The distinction between cases for testing and for supporting principles allows us to state another principle of case use: testing and supporting cases must be chosen according to different criteria. Cases that illustrate, or support by eliciting reasons, should be chosen for their ability to enable explanation, understanding, and reasoning. They will be cases for which the application of the principle is most plausible, and they are chosen to make the assessment of the principle intuitive. The opposite holds for testing cases: they should be chosen to find out how robust the principle is in less paradigmatic case applications. That may involve exploring extreme assumptions or pro-actively scanning for counterexamples.
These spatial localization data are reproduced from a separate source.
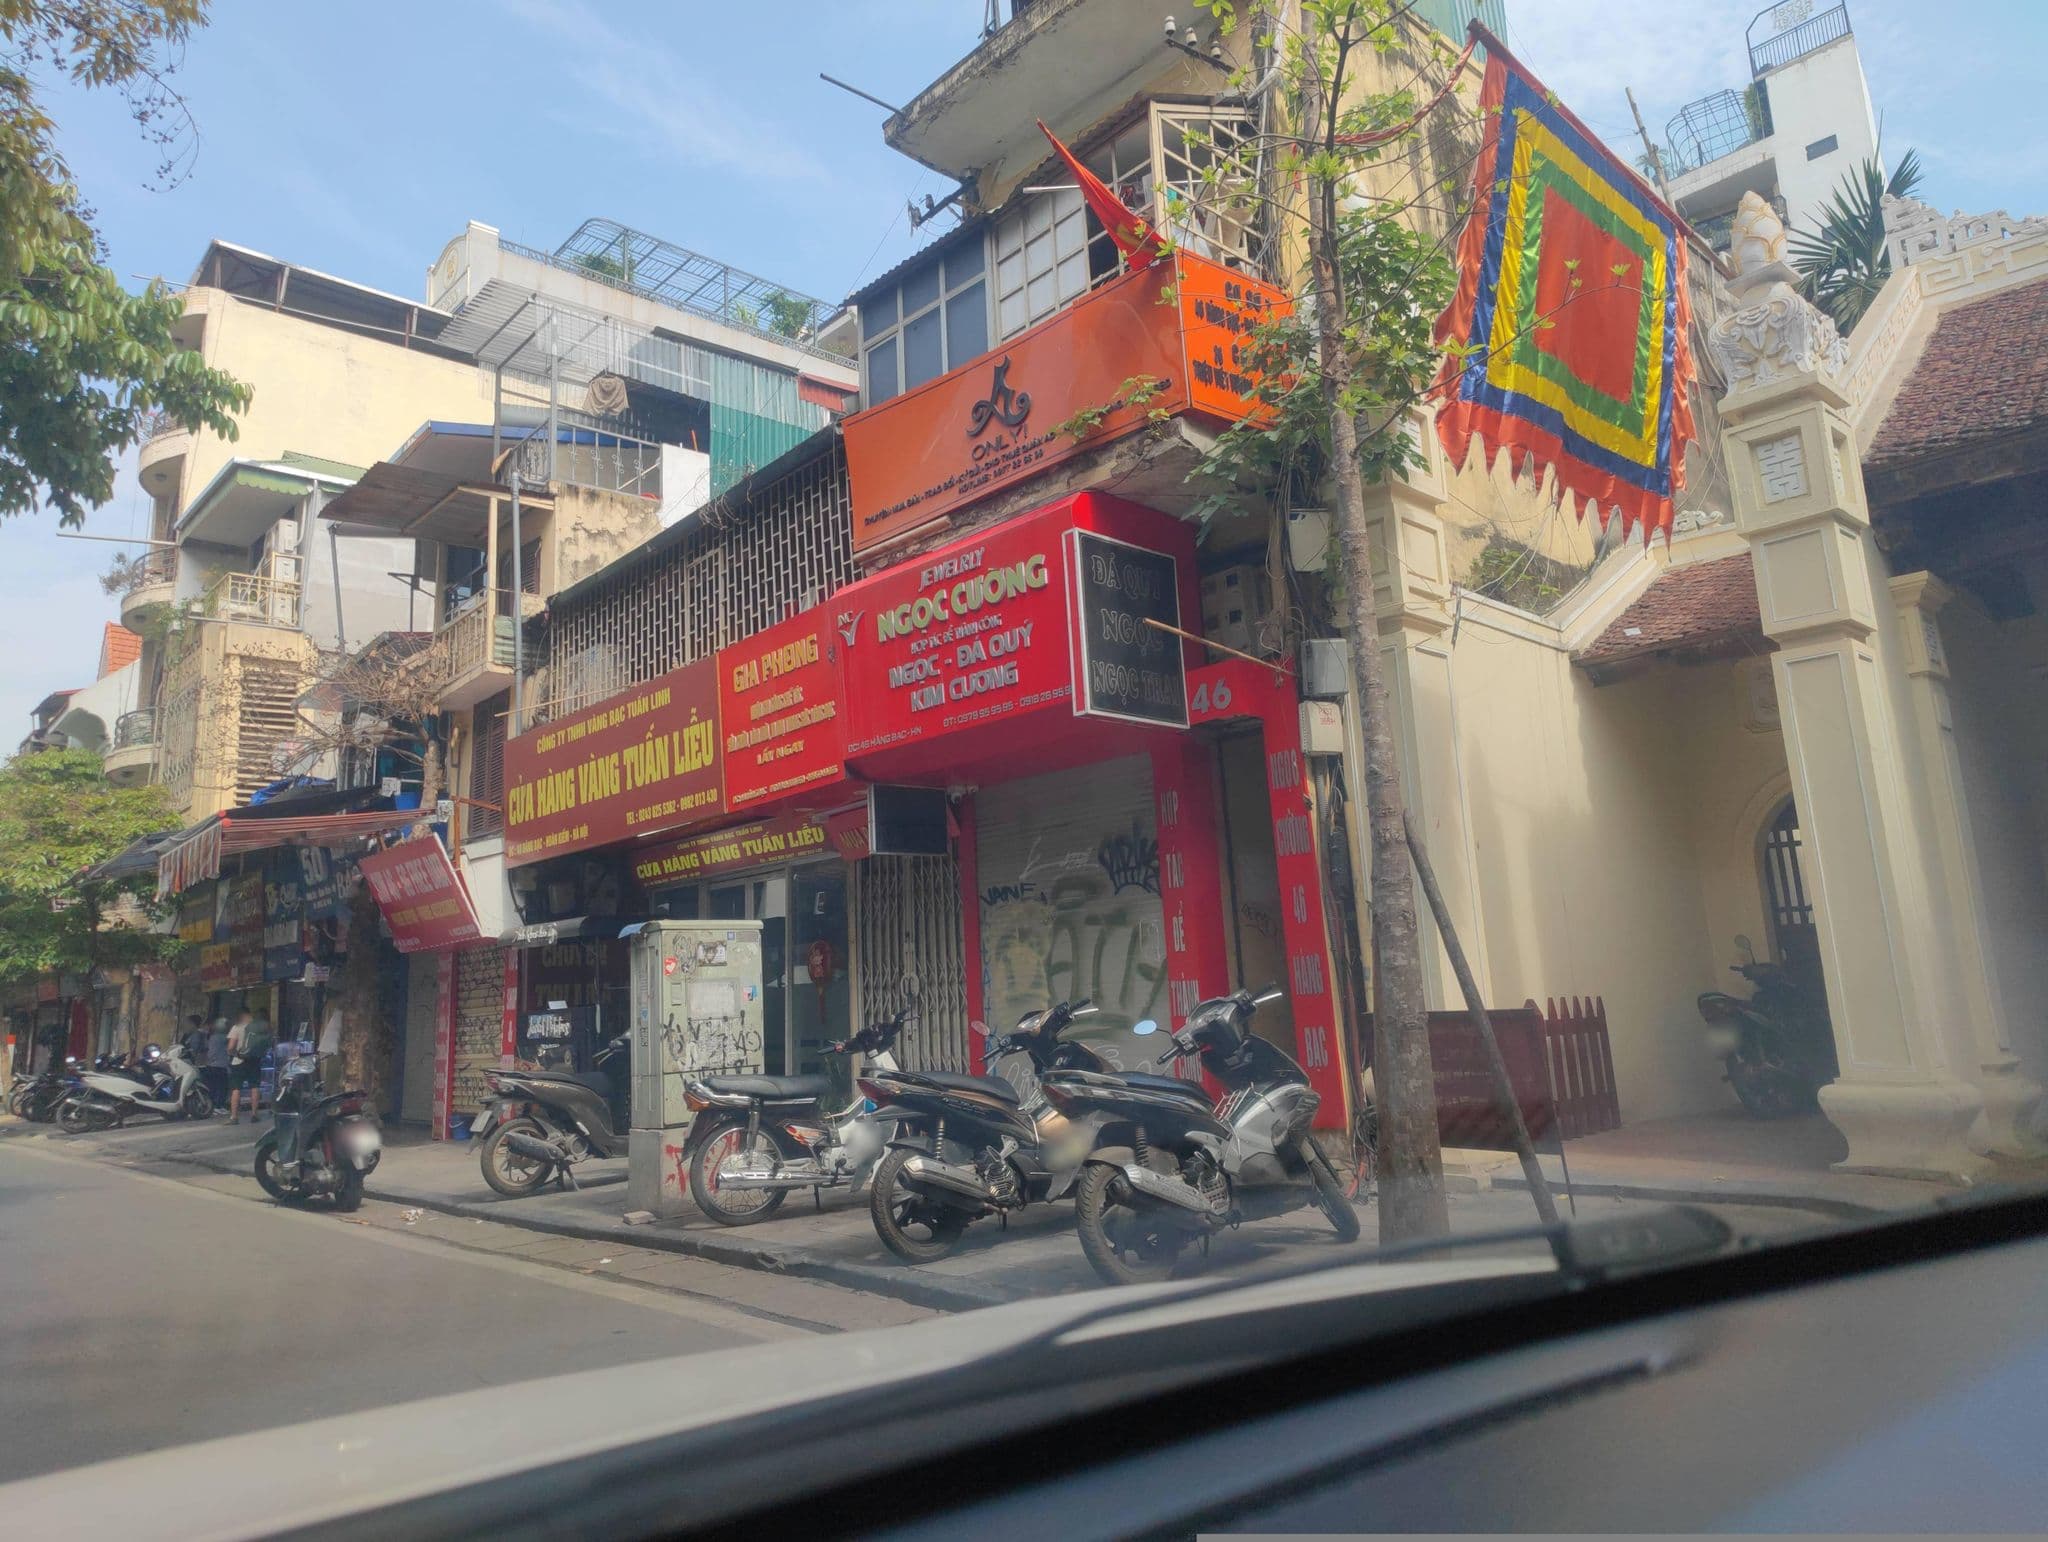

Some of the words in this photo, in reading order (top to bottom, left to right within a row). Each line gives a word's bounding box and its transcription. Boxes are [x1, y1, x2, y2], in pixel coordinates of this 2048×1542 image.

[1091, 552, 1121, 590] ĐÁ
[877, 589, 949, 643] NGỌC
[733, 660, 760, 694] GIA
[761, 633, 819, 682] PHONG
[888, 654, 941, 688] NGỌC
[957, 635, 987, 669] ĐÁ
[1092, 660, 1139, 705] NGỌC
[911, 683, 946, 713] KIM
[1192, 678, 1232, 714] 46
[536, 735, 556, 754] CÔNG
[557, 732, 565, 746] TY
[566, 726, 586, 743] TNHH
[587, 713, 608, 734] VÀNG
[609, 708, 626, 728] BẠC
[650, 687, 671, 709] LINH
[508, 774, 534, 826] CỬA
[536, 767, 576, 819] HÀNG
[578, 753, 621, 804] VÀNG
[623, 722, 670, 791] TUẤN
[673, 706, 714, 776] LIỄU
[636, 860, 662, 880] CỬA
[663, 854, 699, 875] HÀNG
[701, 844, 742, 866] VÀNG
[742, 831, 786, 857] TUẤN
[788, 823, 825, 848] LIỄU
[1166, 847, 1185, 890] TÁC
[1292, 884, 1307, 924] 46
[1292, 949, 1324, 996] HÀNG
[1304, 1026, 1329, 1072] BẠC
Moreover, a meaningful test ought to be conducted by confrontation with several (and typically diverse) cases. Thus, the supporting and testing role should typically be fulfilled by different cases; running these two functions together would be a mistake.
Querying Metaphysical Assumptions
The use of cases is not restricted to evaluative and normative investigations – it is equally important in conceptual analysis and metaphysics. Since ethical theory often depends on conceptual analysis or metaphysical assumptions, cases are often employed to test or query such assumptions. The use of cases for conceptual analysis has been analyzed in detail elsewhere,20 so we set it aside in the interest of space. We will, however, briefly demonstrate the use of cases for the analysis of metaphysical assumptions by looking at the metaphysics of causation and the metaphysical assumptions related to different conceptions of harm. Cases of this type are often counter-intuitive: rather than being used to elicit intuitions, they show us that our intuitions and our background assumptions are in tension.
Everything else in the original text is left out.